▸ **What is being asked**
Please retype all the data below exactly, line for line.

--

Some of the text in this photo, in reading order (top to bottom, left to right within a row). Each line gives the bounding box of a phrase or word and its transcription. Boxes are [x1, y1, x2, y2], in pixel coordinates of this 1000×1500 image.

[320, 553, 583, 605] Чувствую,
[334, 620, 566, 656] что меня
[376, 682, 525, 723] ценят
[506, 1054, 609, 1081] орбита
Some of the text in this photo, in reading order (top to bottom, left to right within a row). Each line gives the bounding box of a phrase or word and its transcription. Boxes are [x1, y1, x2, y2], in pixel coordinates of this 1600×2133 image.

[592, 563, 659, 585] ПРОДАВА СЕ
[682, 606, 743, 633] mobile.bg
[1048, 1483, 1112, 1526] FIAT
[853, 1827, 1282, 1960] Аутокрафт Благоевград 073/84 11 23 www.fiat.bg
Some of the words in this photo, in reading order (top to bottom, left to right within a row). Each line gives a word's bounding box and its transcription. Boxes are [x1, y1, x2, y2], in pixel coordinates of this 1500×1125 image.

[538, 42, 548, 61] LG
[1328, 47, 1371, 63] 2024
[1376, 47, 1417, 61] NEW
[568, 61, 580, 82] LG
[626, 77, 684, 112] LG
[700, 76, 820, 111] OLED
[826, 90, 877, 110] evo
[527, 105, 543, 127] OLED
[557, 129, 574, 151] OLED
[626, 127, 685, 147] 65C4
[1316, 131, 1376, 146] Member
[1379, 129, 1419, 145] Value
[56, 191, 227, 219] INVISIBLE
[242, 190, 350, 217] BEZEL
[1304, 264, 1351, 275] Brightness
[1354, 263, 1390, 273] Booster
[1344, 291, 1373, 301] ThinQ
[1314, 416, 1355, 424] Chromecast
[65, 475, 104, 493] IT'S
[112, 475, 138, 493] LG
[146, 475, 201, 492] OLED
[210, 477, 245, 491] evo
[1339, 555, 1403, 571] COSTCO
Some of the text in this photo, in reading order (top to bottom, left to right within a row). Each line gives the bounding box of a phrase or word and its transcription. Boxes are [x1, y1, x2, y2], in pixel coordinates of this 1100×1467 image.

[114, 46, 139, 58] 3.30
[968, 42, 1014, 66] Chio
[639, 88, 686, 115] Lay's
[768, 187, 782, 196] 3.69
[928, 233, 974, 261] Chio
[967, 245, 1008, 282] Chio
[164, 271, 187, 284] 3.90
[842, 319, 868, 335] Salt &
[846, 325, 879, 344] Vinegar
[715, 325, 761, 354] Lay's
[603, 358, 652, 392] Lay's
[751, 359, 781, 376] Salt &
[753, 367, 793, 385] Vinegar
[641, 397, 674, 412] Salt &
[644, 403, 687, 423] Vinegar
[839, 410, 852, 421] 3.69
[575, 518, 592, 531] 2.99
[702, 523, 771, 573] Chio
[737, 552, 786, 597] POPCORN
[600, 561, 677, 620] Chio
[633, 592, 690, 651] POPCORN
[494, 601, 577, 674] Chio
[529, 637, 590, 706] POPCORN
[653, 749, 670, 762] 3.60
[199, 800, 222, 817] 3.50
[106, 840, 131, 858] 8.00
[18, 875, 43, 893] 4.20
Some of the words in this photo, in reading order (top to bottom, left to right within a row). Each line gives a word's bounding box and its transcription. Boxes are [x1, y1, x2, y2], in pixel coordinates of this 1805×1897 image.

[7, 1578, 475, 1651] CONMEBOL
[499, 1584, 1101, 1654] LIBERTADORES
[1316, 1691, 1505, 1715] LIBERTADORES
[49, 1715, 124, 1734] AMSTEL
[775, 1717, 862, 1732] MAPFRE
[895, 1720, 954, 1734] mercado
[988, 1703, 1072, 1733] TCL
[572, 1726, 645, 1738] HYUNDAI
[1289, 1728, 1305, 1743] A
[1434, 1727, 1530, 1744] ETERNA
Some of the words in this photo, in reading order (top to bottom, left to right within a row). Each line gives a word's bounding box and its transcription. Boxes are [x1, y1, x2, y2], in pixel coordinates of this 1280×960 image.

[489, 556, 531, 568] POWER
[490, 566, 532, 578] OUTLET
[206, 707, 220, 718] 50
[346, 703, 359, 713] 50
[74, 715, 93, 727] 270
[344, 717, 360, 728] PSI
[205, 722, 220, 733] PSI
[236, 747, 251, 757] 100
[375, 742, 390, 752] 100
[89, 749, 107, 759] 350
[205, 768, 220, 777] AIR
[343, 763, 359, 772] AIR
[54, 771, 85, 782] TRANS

--

▸ **Answer space**
Some of the text in this photo, in reading order (top to bottom, left to right within a row). Each line gives the bounding box of a phrase or word and its transcription. Boxes are [x1, y1, x2, y2], in pixel coordinates of this 1000×1500 image.

[320, 553, 583, 605] Чувствую,
[334, 620, 566, 656] что меня
[376, 682, 525, 723] ценят
[506, 1054, 609, 1081] орбита
Some of the text in this photo, in reading order (top to bottom, left to right within a row). Each line gives the bounding box of a phrase or word and its transcription. Boxes are [x1, y1, x2, y2], in pixel coordinates of this 1600×2133 image.

[592, 563, 659, 585] ПРОДАВА СЕ
[682, 606, 743, 633] mobile.bg
[1048, 1483, 1112, 1526] FIAT
[853, 1827, 1282, 1960] Аутокрафт Благоевград 073/84 11 23 www.fiat.bg
Some of the words in this photo, in reading order (top to bottom, left to right within a row). Each line gives a word's bounding box and its transcription. Boxes are [x1, y1, x2, y2], in pixel coordinates of this 1500×1125 image.

[538, 42, 548, 61] LG
[1328, 47, 1371, 63] 2024
[1376, 47, 1417, 61] NEW
[568, 61, 580, 82] LG
[626, 77, 684, 112] LG
[700, 76, 820, 111] OLED
[826, 90, 877, 110] evo
[527, 105, 543, 127] OLED
[557, 129, 574, 151] OLED
[626, 127, 685, 147] 65C4
[1316, 131, 1376, 146] Member
[1379, 129, 1419, 145] Value
[56, 191, 227, 219] INVISIBLE
[242, 190, 350, 217] BEZEL
[1304, 264, 1351, 275] Brightness
[1354, 263, 1390, 273] Booster
[1344, 291, 1373, 301] ThinQ
[1314, 416, 1355, 424] Chromecast
[65, 475, 104, 493] IT'S
[112, 475, 138, 493] LG
[146, 475, 201, 492] OLED
[210, 477, 245, 491] evo
[1339, 555, 1403, 571] COSTCO
Some of the text in this photo, in reading order (top to bottom, left to right within a row). Each line gives the bounding box of a phrase or word and its transcription. Boxes are [x1, y1, x2, y2], in pixel coordinates of this 1100×1467 image.

[114, 46, 139, 58] 3.30
[968, 42, 1014, 66] Chio
[639, 88, 686, 115] Lay's
[768, 187, 782, 196] 3.69
[928, 233, 974, 261] Chio
[967, 245, 1008, 282] Chio
[164, 271, 187, 284] 3.90
[842, 319, 868, 335] Salt &
[846, 325, 879, 344] Vinegar
[715, 325, 761, 354] Lay's
[603, 358, 652, 392] Lay's
[751, 359, 781, 376] Salt &
[753, 367, 793, 385] Vinegar
[641, 397, 674, 412] Salt &
[644, 403, 687, 423] Vinegar
[839, 410, 852, 421] 3.69
[575, 518, 592, 531] 2.99
[702, 523, 771, 573] Chio
[737, 552, 786, 597] POPCORN
[600, 561, 677, 620] Chio
[633, 592, 690, 651] POPCORN
[494, 601, 577, 674] Chio
[529, 637, 590, 706] POPCORN
[653, 749, 670, 762] 3.60
[199, 800, 222, 817] 3.50
[106, 840, 131, 858] 8.00
[18, 875, 43, 893] 4.20
Some of the words in this photo, in reading order (top to bottom, left to right within a row). Each line gives a word's bounding box and its transcription. Boxes are [x1, y1, x2, y2], in pixel coordinates of this 1805×1897 image.

[7, 1578, 475, 1651] CONMEBOL
[499, 1584, 1101, 1654] LIBERTADORES
[1316, 1691, 1505, 1715] LIBERTADORES
[49, 1715, 124, 1734] AMSTEL
[775, 1717, 862, 1732] MAPFRE
[895, 1720, 954, 1734] mercado
[988, 1703, 1072, 1733] TCL
[572, 1726, 645, 1738] HYUNDAI
[1289, 1728, 1305, 1743] A
[1434, 1727, 1530, 1744] ETERNA
Some of the words in this photo, in reading order (top to bottom, left to right within a row). Each line gives a word's bounding box and its transcription. Boxes are [x1, y1, x2, y2], in pixel coordinates of this 1280×960 image.

[489, 556, 531, 568] POWER
[490, 566, 532, 578] OUTLET
[206, 707, 220, 718] 50
[346, 703, 359, 713] 50
[74, 715, 93, 727] 270
[344, 717, 360, 728] PSI
[205, 722, 220, 733] PSI
[236, 747, 251, 757] 100
[375, 742, 390, 752] 100
[89, 749, 107, 759] 350
[205, 768, 220, 777] AIR
[343, 763, 359, 772] AIR
[54, 771, 85, 782] TRANS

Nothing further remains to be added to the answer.